Exercise
Every line below must come back exactly as it stands, with the images omitted.

Dataset entries:
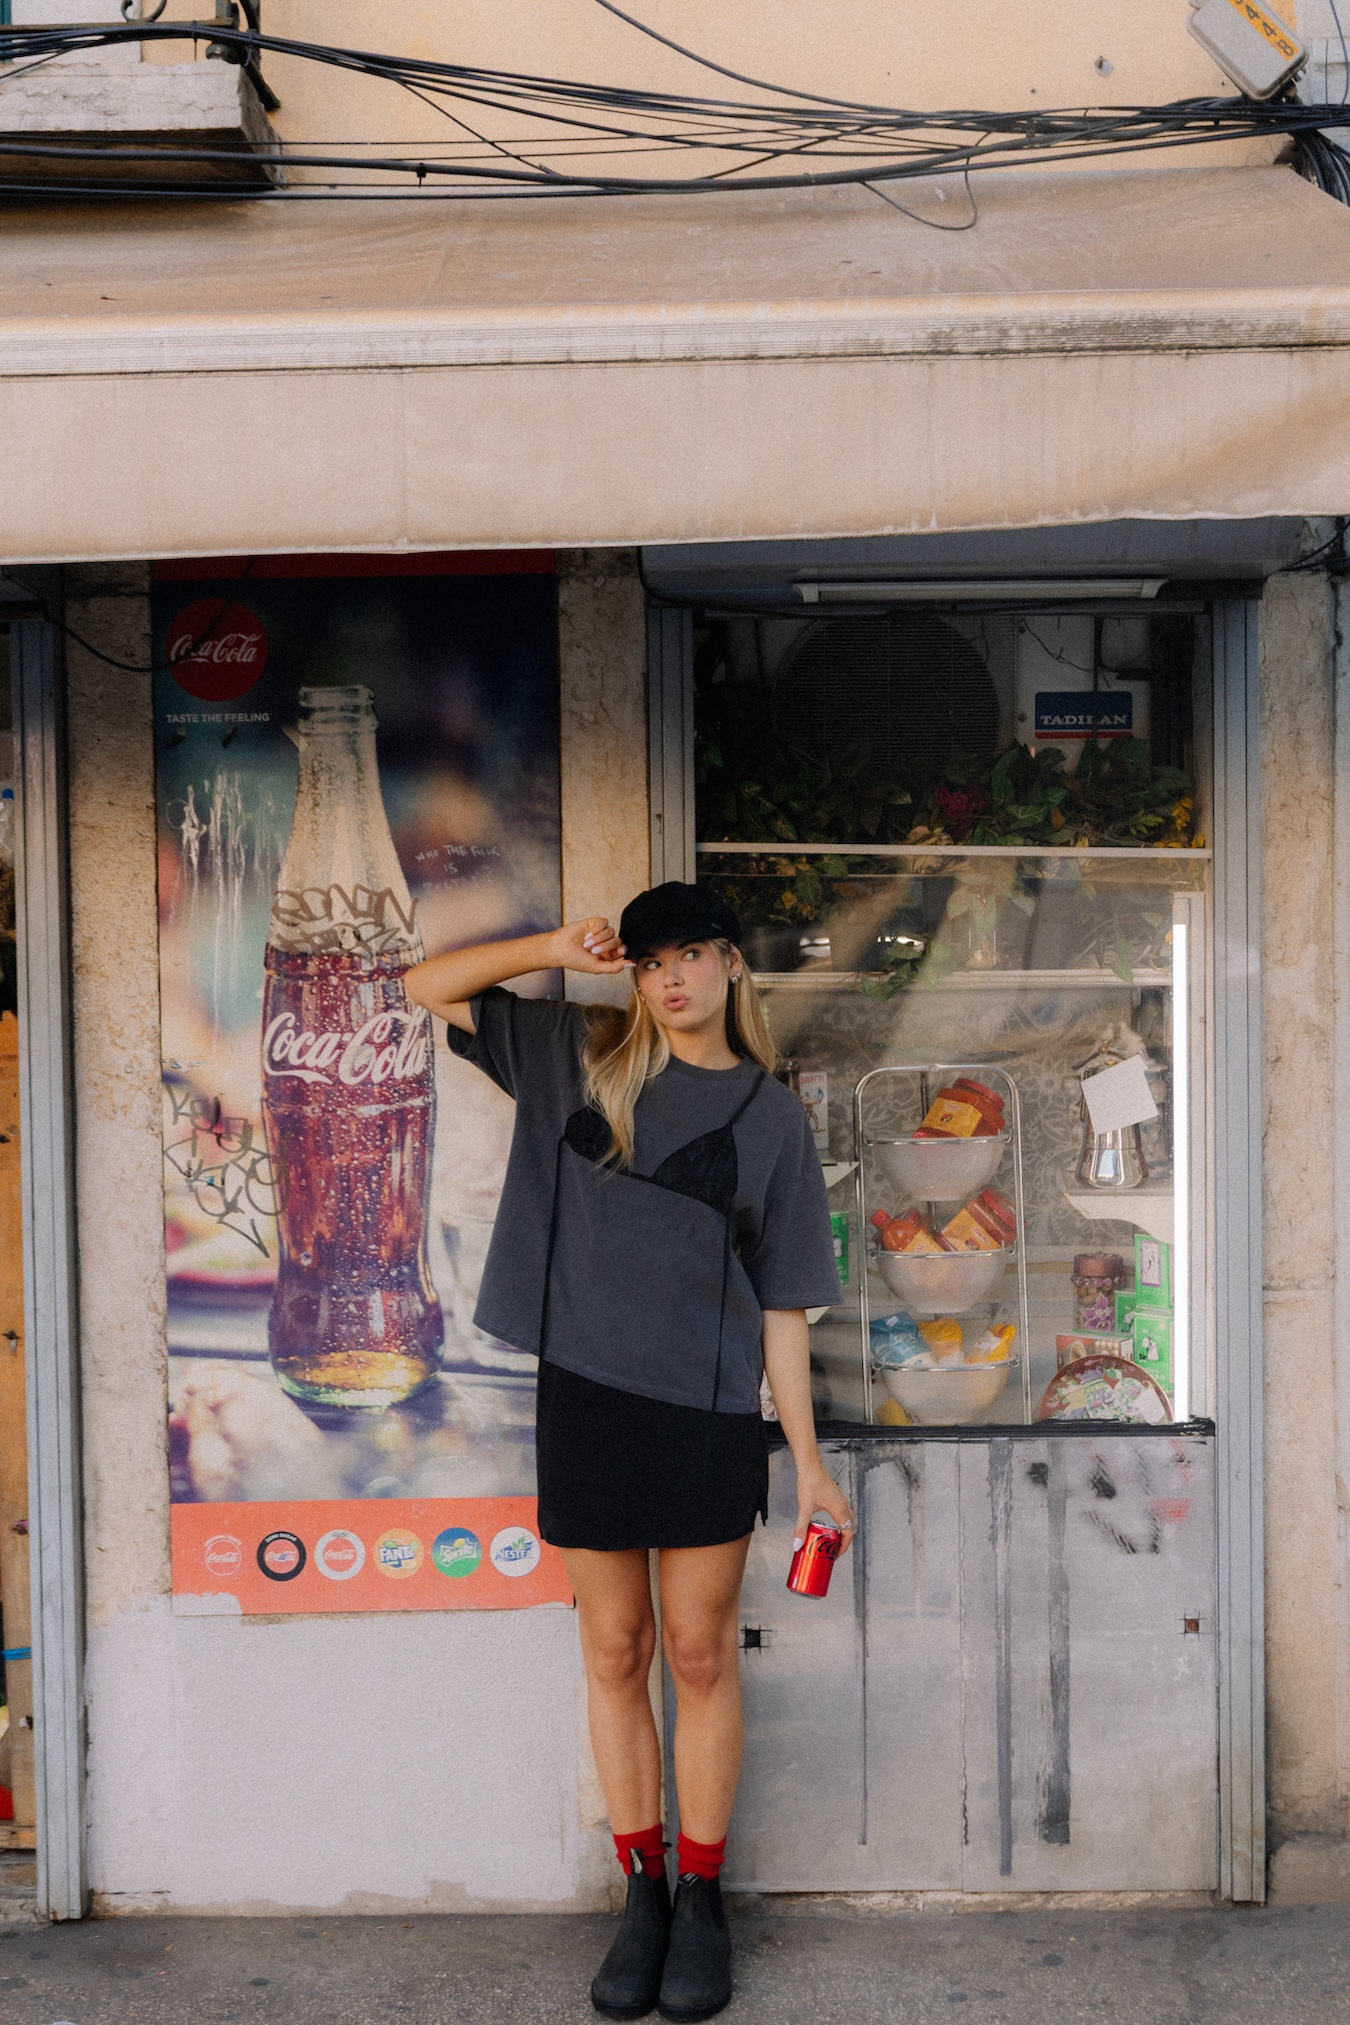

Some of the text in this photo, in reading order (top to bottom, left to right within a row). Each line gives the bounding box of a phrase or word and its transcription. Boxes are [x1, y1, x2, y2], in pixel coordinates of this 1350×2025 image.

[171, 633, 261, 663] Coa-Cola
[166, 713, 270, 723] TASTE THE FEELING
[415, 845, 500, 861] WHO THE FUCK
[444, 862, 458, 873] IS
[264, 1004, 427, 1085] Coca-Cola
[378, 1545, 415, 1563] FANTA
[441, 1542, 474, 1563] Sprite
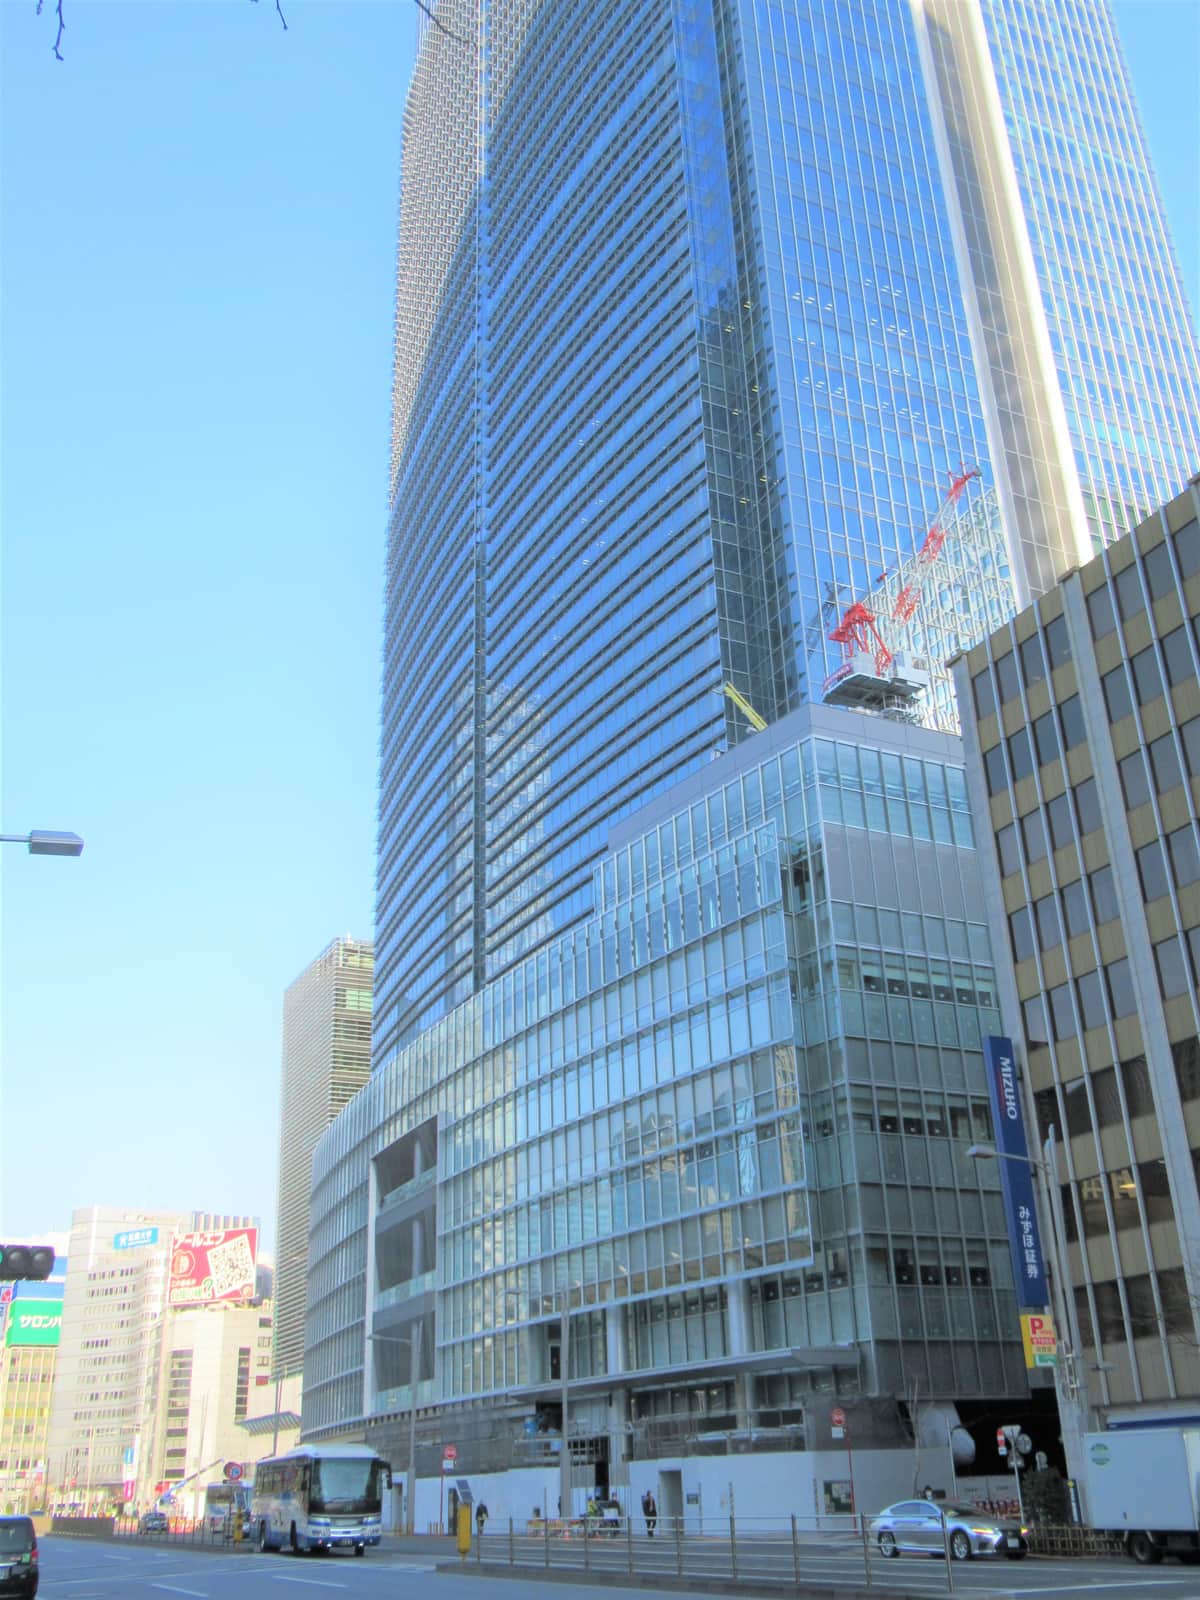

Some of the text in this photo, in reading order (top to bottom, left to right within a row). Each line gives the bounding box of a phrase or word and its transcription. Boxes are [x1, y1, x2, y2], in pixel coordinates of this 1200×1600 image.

Output
Some of the text in this photo, in reading order (top to bottom, left to right within a row). Each line gives the bounding box of a phrase or word and its transcription. Boxes are [x1, y1, x2, y2], in pixel coordinates of this 1350×2025 image.

[171, 633, 261, 663] Coa-Cola
[166, 713, 270, 723] TASTE THE FEELING
[415, 845, 500, 861] WHO THE FUCK
[444, 862, 458, 873] IS
[264, 1004, 427, 1085] Coca-Cola
[378, 1545, 415, 1563] FANTA
[441, 1542, 474, 1563] Sprite

Some of the text in this photo, in reading order (top to bottom, left to right within a row). Each line gives the bounding box of a phrase or word and its transcription. Boxes are [x1, y1, x2, y2], in pixel coordinates of this 1200×1600 image.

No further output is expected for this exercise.